Javiar Lawrence Collins (born April 13, 1978) is a former American football offensive tackle in the National Football League for the Dallas Cowboys,  Carolina Panthers, Cleveland Browns and Denver Broncos. He was also a member of the Frankfurt Galaxy in NFL Europe. He played college football at Northwestern University.

Early years
Collins attended Saint Thomas Academy, where played football and basketball. As a senior defensive tackle, he collected 105 tackles, 9 sacks and 4 forced fumbles, receiving All-state, All-metro and All-conference honors.

He accepted a football scholarship from Northwestern University. As a redshirt freshman, he appeared in 8 games playing mainly on special teams.

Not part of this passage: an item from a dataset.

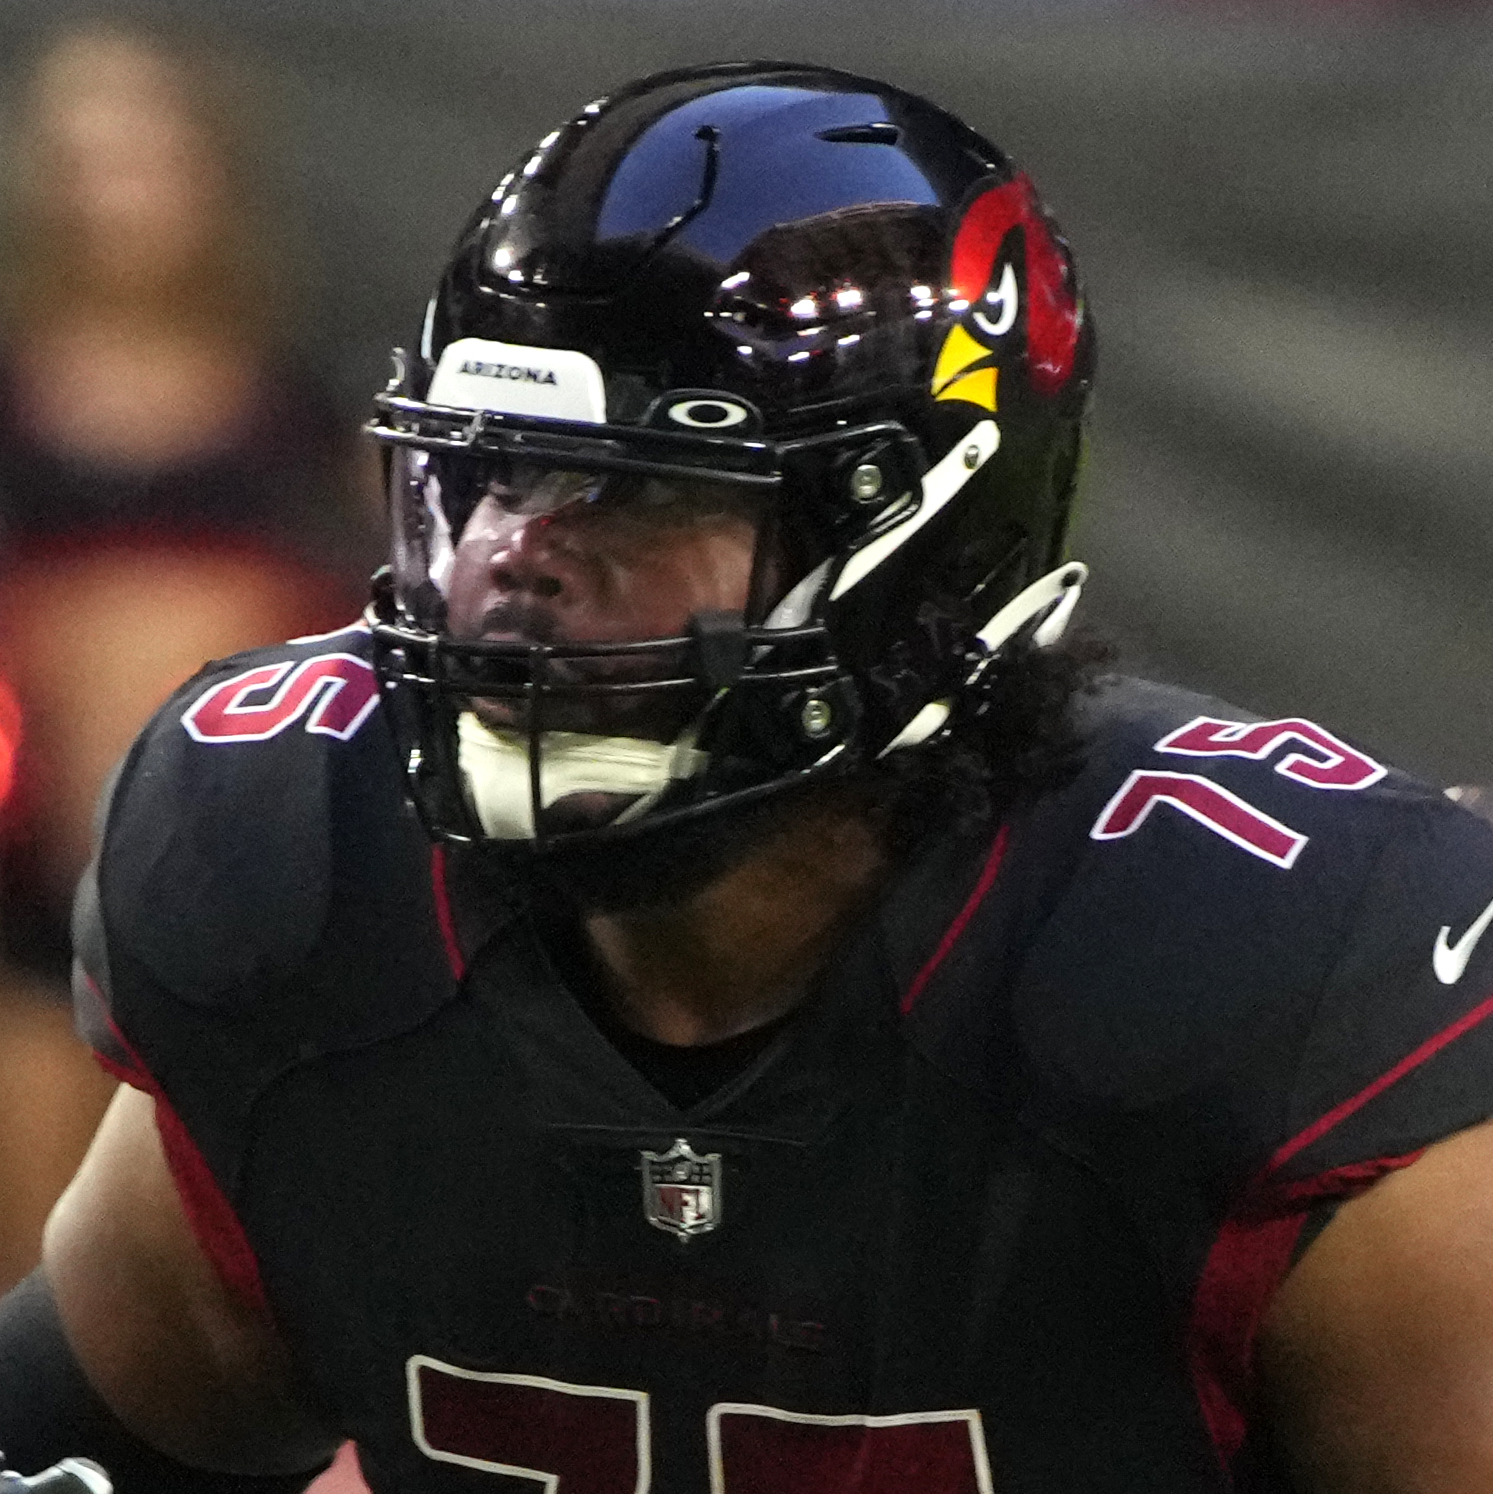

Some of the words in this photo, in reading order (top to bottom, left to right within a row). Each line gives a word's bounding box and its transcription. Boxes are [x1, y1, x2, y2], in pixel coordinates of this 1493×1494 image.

As a sophomore he appeared in 12 games, starting 5 at defensive tackle, while registering 36 tackles (3 for loss) and one sack. As a junior, he posted 38 tackles and 4 sacks.

As a senior, he started at defensive tackle and was a part of a team that earned three-way tie for the Big Ten conference championship. He finished with 12 starts, 52 tackles (11 for loss), 3 sacks, 2 quarterback hurries, 1 fumble recovery and 1 forced fumble.

Professional career

Dallas Cowboys
Collins was signed as an undrafted free agent by the Dallas Cowboys after the 2001 NFL Draft. As a rookie, he was converted finto an offensive tackle in the first week of the regular season and was declared inactive for all 16 games. He was allocated to the Frankfurt Galaxy for the 2002 NFL Europe season, where he was named a starter.

In 2002, he appeared in 9 games, starting 4 games at right tackle, including the 17-14 loss to the Seattle Seahawks where running back Emmitt Smith broke the NFL all-time rushing record. In that same contest, he suffered a sprained MCL in his right knee, that forced him to miss 6 games, returning until the season finale. The next year, he was declared inactive in 14 games.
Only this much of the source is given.